Wednesday, October 28, 2015

Today we are featuring Cesium, a three-time Google Summer of Code participant. Read more below about the fascinating work their students did with imagery this past summer.
Cesium is a JavaScript library for creating 3D globes and 2D maps in a web browser without a plugin. It uses WebGL for hardware-accelerated graphics, and is cross-platform, cross-browser and tuned for dynamic-data visualization. Cesium first participated in Google Summer of Code (GSoC) in 2013. The bright students who have joined us through GSoC have made significant contributions to the Cesium community. This summer, our students worked on the following projects:
NASA Worldview - Abhishek Potnis
Bringing Cesium to NASA imagery, Abhishek improved visualization of LIDAR profile data from NASA’s Cloud-Aerosol Lidar and Infrared Pathfinder Satellite Observations (CALIPSO). CALIPSO data is used to study atmospheric developments such as cloud formation and aerosol interactions, and can be extended to develop models for climate predictions among other possibilities. Using Cesium, Abhishek developed an interface that takes a user’s location input and displays the profile curtains nearest to that location. The user can select the time range for the data curtains, and the profile curtains near the location of interest will be refreshed accordingly. Perhaps most importantly, the interface shows the CALIPSO profiles in their natural “curtain” orientation in the context of traditional “flat” maps served by NASA’s Global Imagery Browse Services. This allows users to effectively combine the strengths of both types of maps for tasks such as determining the three-dimensional structures of clouds and dust storms. See the live demo and source code.

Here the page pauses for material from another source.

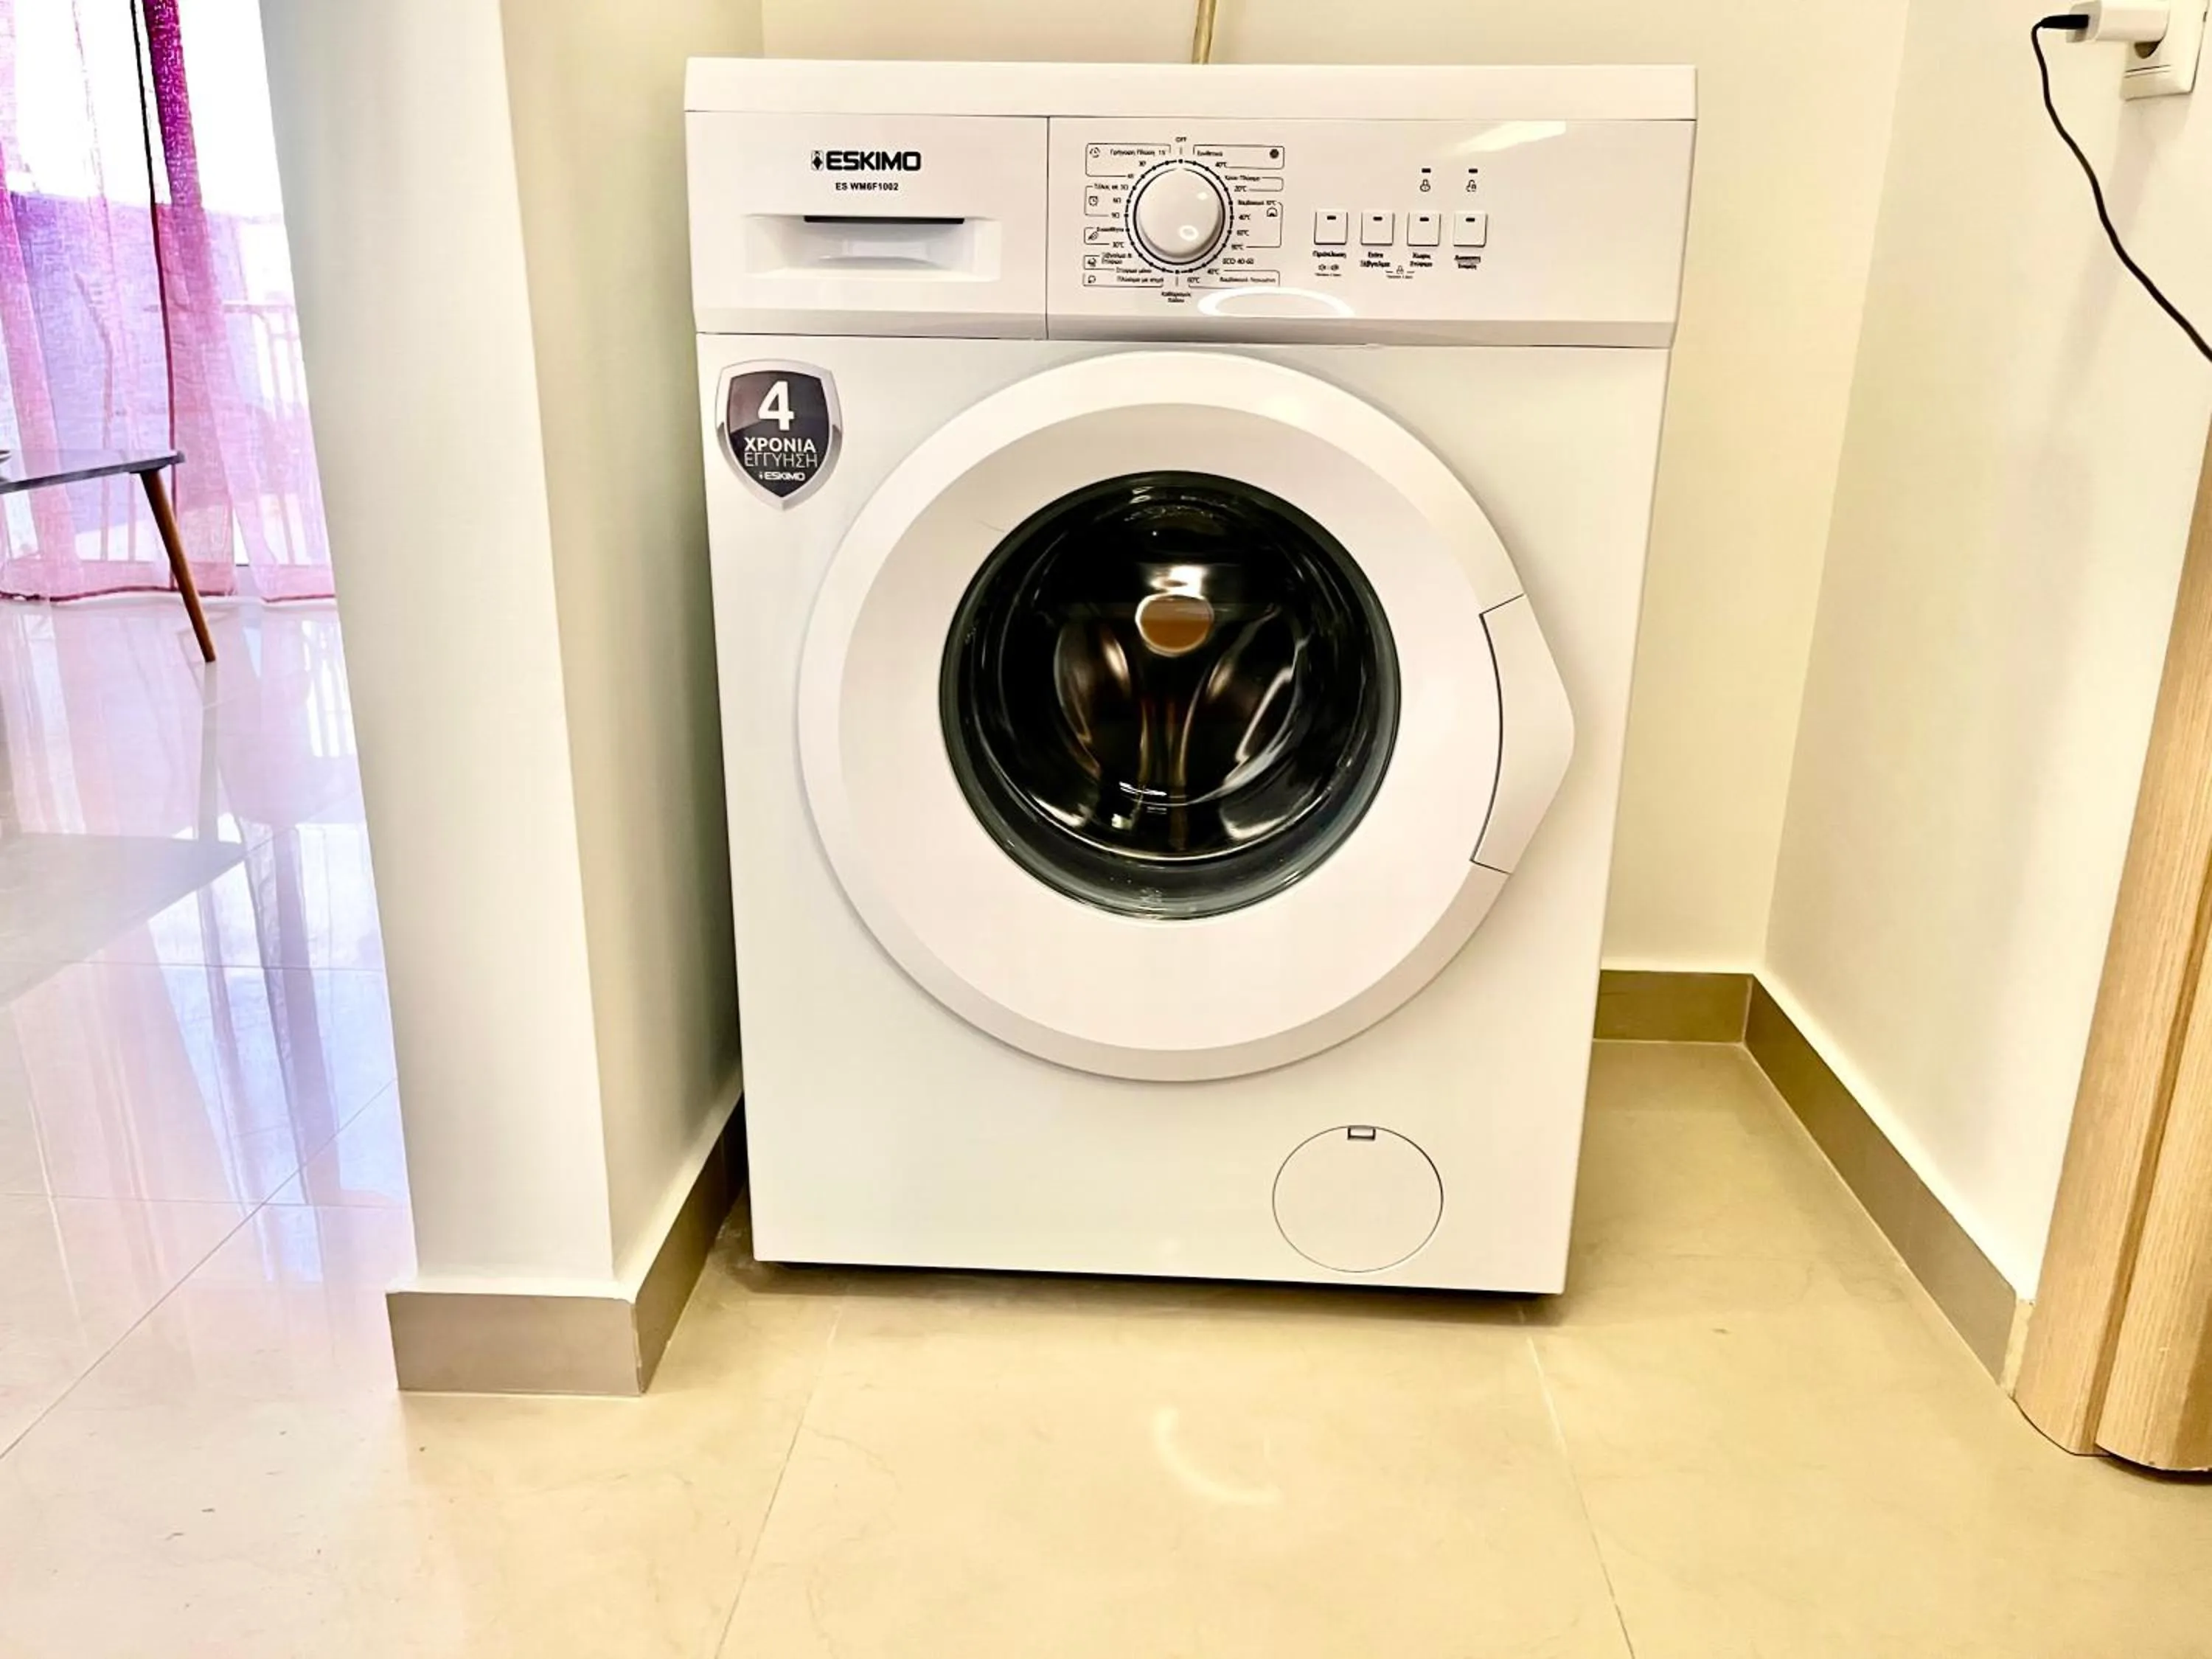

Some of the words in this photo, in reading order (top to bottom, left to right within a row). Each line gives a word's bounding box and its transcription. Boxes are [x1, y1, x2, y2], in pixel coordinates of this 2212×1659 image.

By combining “flat maps” with “data curtains,” a user can visualize the height of clouds and dust storms above the Earth’s surface. In this case, cloud heights above western Africa are shown as red and yellow blobs in the generally blue LIDAR curtain. The CALIPSO satellite recorded the LIDAR curtain at approximately the same time as the Aqua satellite recorded the “flat map” below it.
Cesium Support for GPX and Shapefiles - André Nunes
André joined us in 2013 as part of GSoC and worked on client-side support for KML, allowing users to easily visualize the many geographic data sets widely available in KML files. This year, he returned to tackle native Cesium support for GPS Exchange Format (GPX). GPX support will let anyone with a cell phone or other GPS device easily transfer their own outdoor activities (such as bike rides, running, boating, and even drone flights) into Cesium. Check out his GitHub pull request for the full technical details. Since he will be graduating from Técnico Lisboa in January, this is André’s final GSoC, but we hope he continues to contribute to Cesium as he embarks on his professional career!

Cesium Support for GML SFP - Ayush Khandelwal
Geography Markup Language (GML) Simple Features Profile (SFP) is a common way of representing geospatial vector features such as points, lines, and polygons, plus accompanying metadata. In addition to being useful in its own right for spatial data visualization, GML SFP is commonly used to encode features retrieved from an OGC standard Web Feature Service (WFS) and to represent the result of a GetFeatureInfo call to a Web Map Service (WMS). This summer Ayush implemented support in Cesium for GML SFP.